# Exercise requirements:
Could you copy every record below exactly, leaving out the pictures?
==== Input records ====
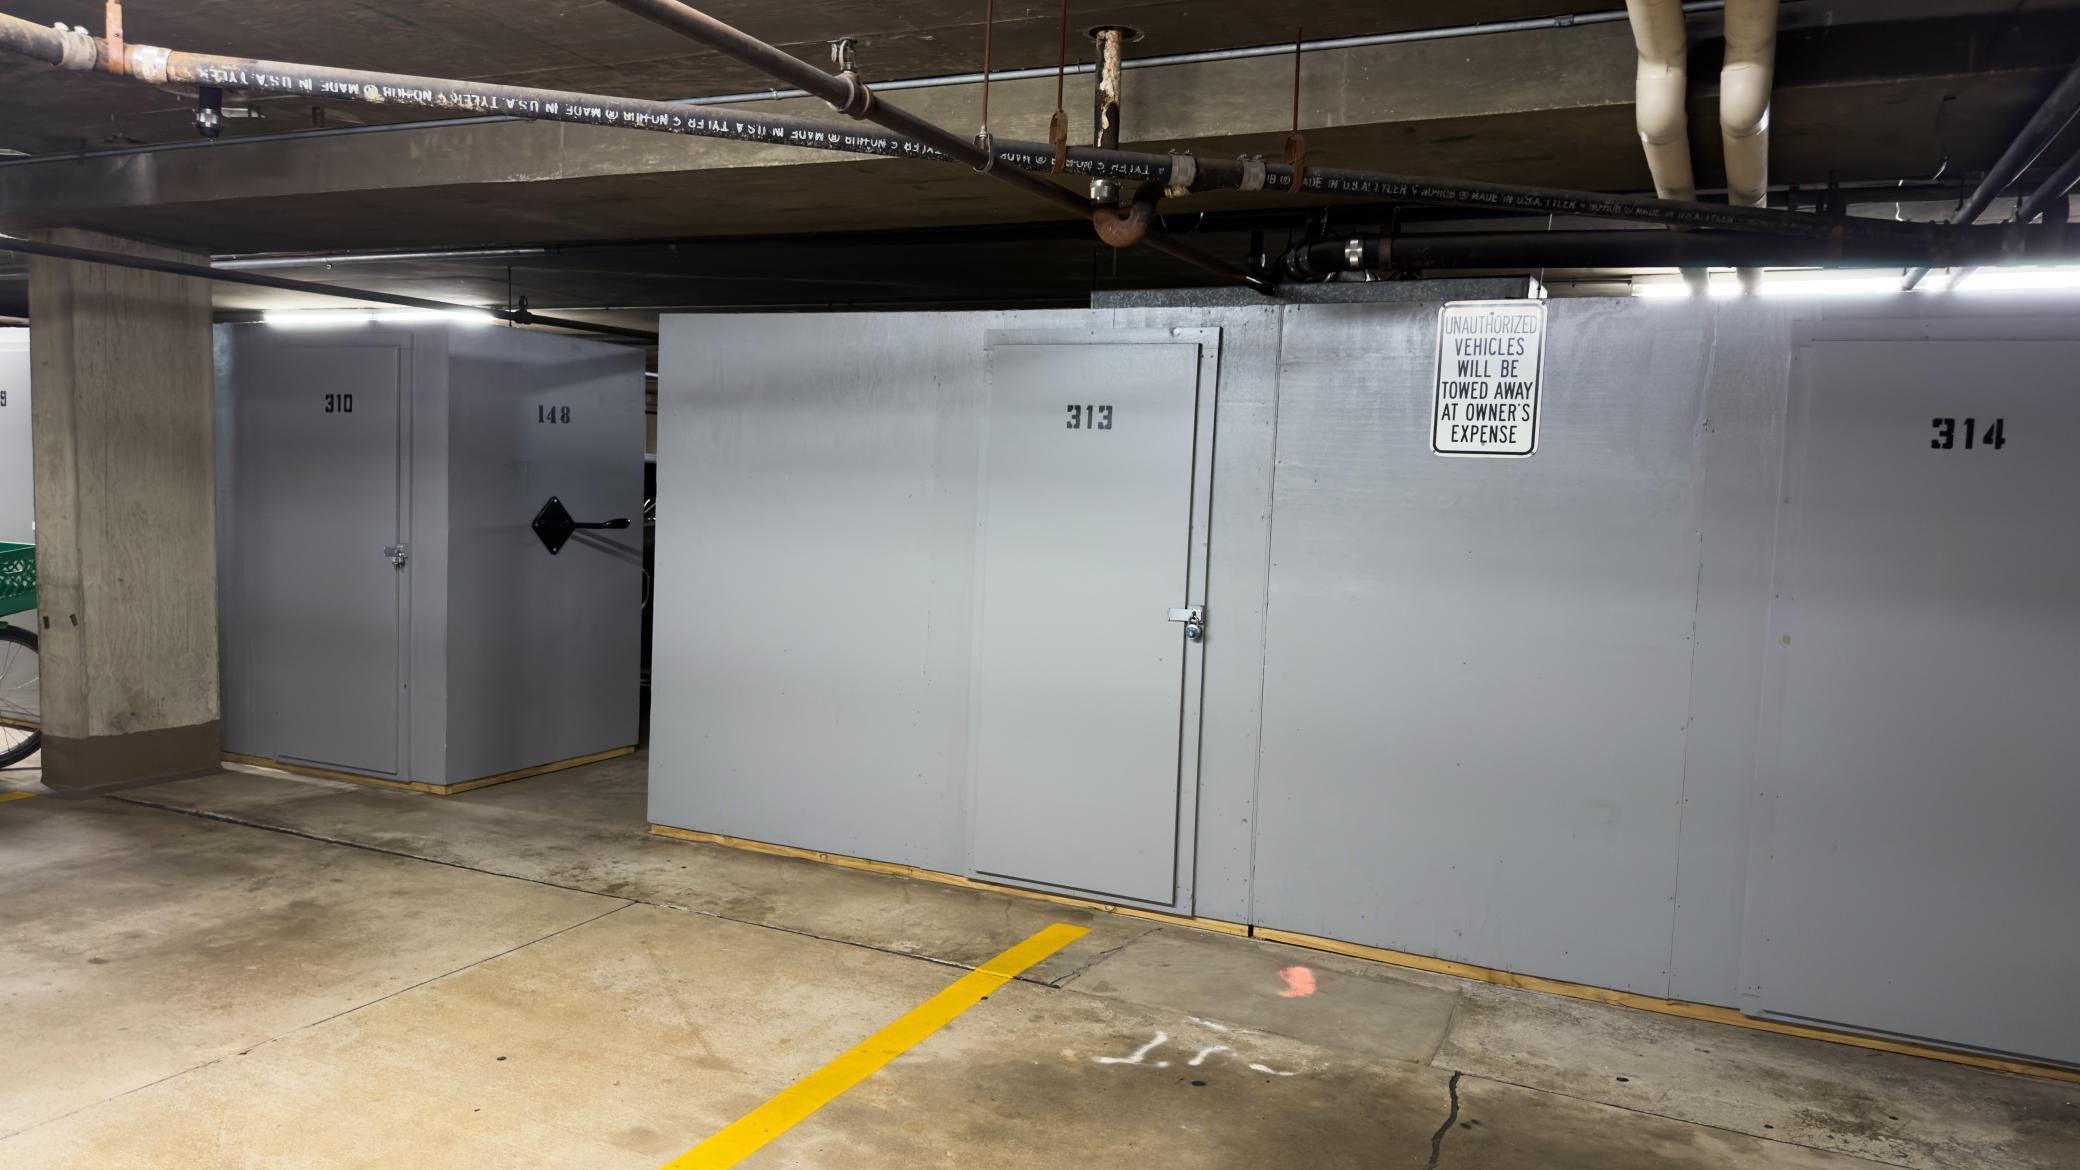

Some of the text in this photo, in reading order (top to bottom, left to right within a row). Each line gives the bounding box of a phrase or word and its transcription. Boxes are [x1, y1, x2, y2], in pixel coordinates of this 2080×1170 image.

[299, 78, 312, 91] IN
[321, 80, 359, 95] MADE
[545, 102, 559, 114] IN
[565, 105, 602, 118] MADE
[772, 127, 784, 137] IN
[790, 129, 824, 142] MADE
[1445, 315, 1538, 335] UNAUTHORIZED
[1455, 337, 1525, 356] VEHICLES
[1457, 359, 1519, 378] WILL BE
[1442, 381, 1533, 400] TOWED AWAY
[325, 393, 352, 413] 310
[1441, 403, 1530, 422] AT OWNER'S
[537, 405, 571, 424] 148
[1066, 404, 1113, 430] 313
[1451, 424, 1517, 444] EXPENSE
[1931, 418, 2006, 450] 314
====
# Task solution:
Some of the text in this photo, in reading order (top to bottom, left to right within a row). Each line gives the bounding box of a phrase or word and its transcription. Boxes are [x1, y1, x2, y2], in pixel coordinates of this 2080×1170 image.

[299, 78, 312, 91] IN
[321, 80, 359, 95] MADE
[545, 102, 559, 114] IN
[565, 105, 602, 118] MADE
[772, 127, 784, 137] IN
[790, 129, 824, 142] MADE
[1445, 315, 1538, 335] UNAUTHORIZED
[1455, 337, 1525, 356] VEHICLES
[1457, 359, 1519, 378] WILL BE
[1442, 381, 1533, 400] TOWED AWAY
[325, 393, 352, 413] 310
[1441, 403, 1530, 422] AT OWNER'S
[537, 405, 571, 424] 148
[1066, 404, 1113, 430] 313
[1451, 424, 1517, 444] EXPENSE
[1931, 418, 2006, 450] 314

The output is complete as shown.